Technology is developing faster than ever, which provides us, as an event production company, with a growing arsenal of tools to create the best possible experience at an event. Inherently, this increase in technology also brings its disadvantages, whether this is an entire crowd viewing the gig through their phones, or the extortionate prices of bot-bought tickets resold on the second hand market. With new problems comes new resolutions, and Phil Shaw-Stewart at The Event Production Show discussed a cunning way to manage and prevent ticket touting.

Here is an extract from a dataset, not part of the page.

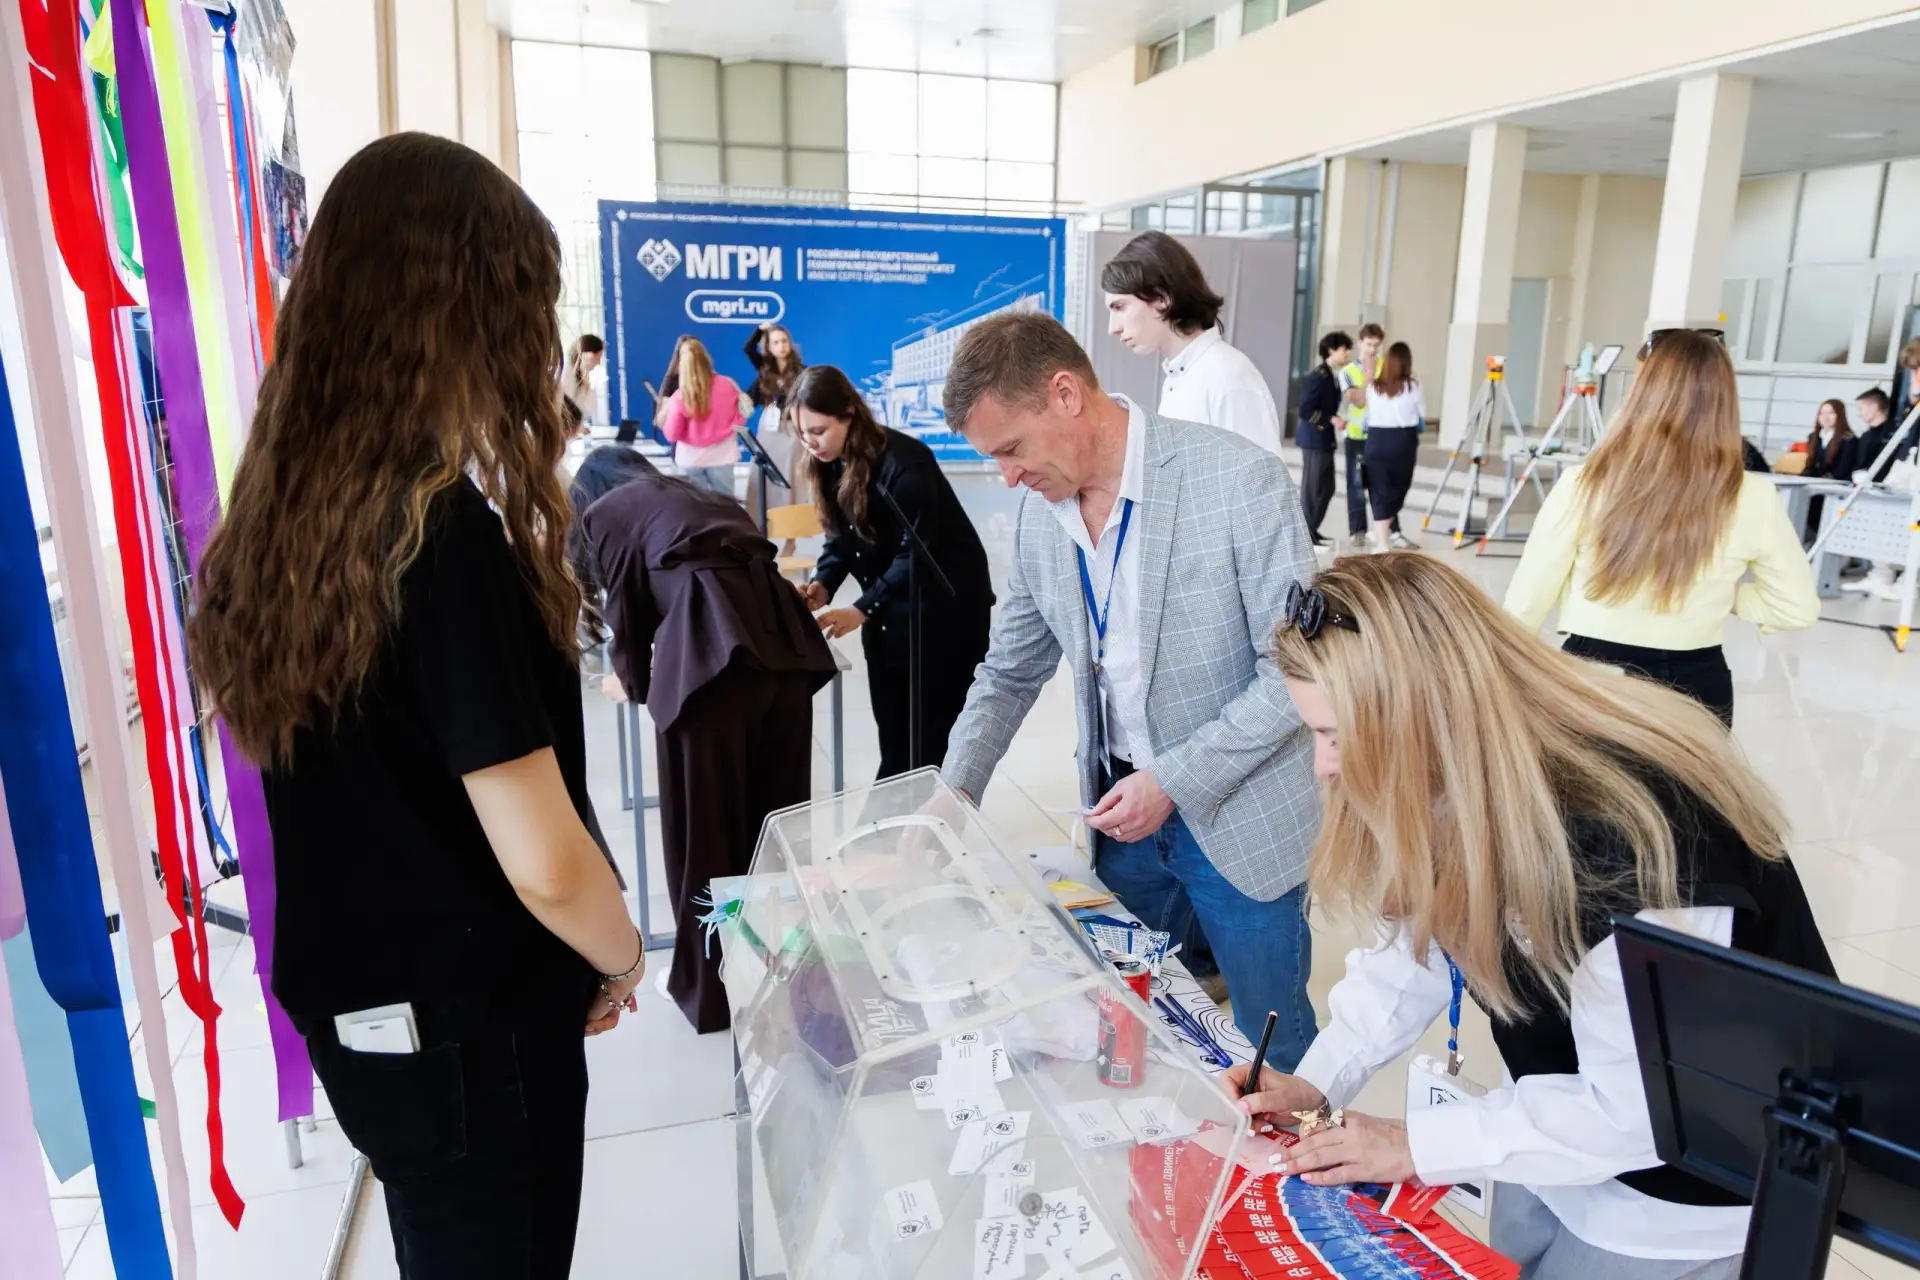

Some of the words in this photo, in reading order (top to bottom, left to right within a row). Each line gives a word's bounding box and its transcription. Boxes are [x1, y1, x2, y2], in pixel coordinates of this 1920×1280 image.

[685, 243, 783, 281] МГРИ
[702, 297, 768, 318] mgri.ru
[1163, 1143, 1174, 1181] ДВИЖЕН

BitTicket utilises Blockchain technology to provide a secure and transparent method of purchasing tickets. For those unfamiliar with the term Blockchain, this technology underpins Bitcoin, the crypto-currency that has been at the heart of many headlines over the last few months. The intricate details of how Blockchain works is not necessary at this point, but a basic understanding of how this differs from the current transaction process is helpful in grasping what BitTicket want to achieve. Two fundamental differences this technology offers are:
All transactions and users have to be authorised by a network of computers known as nodes. This guarantees the authenticity of the buyer, and prevents buying of tickets on a large scale for touting, as the network will not authenticate the transaction.
Once verified, a transaction is added to the ‘Blockchain’ providing a permanent record of the transaction that cannot be altered. This information is then stored across a network of nodes that is continually reconciled and available for anyone to view. BitTicket only allows one wallet per identity, a wallet being somewhere you digitally store your ticket, so it is very easy to see in the Blockchain if someone is attempting to bypass the safeguards put in place to combat touting.
The talk was very captivating and scratched the surface of an incredibly personal problem that effects many music fans across the world. There is no denying that Blockchain, or an evolution of Blockchain, will form the basis of how we handle many transactions in the future. Lots of work needs to be done to understand scalability of this technology, and how large institutions and the public will adopt it. However, we welcome any method that makes music and events more accessible to all.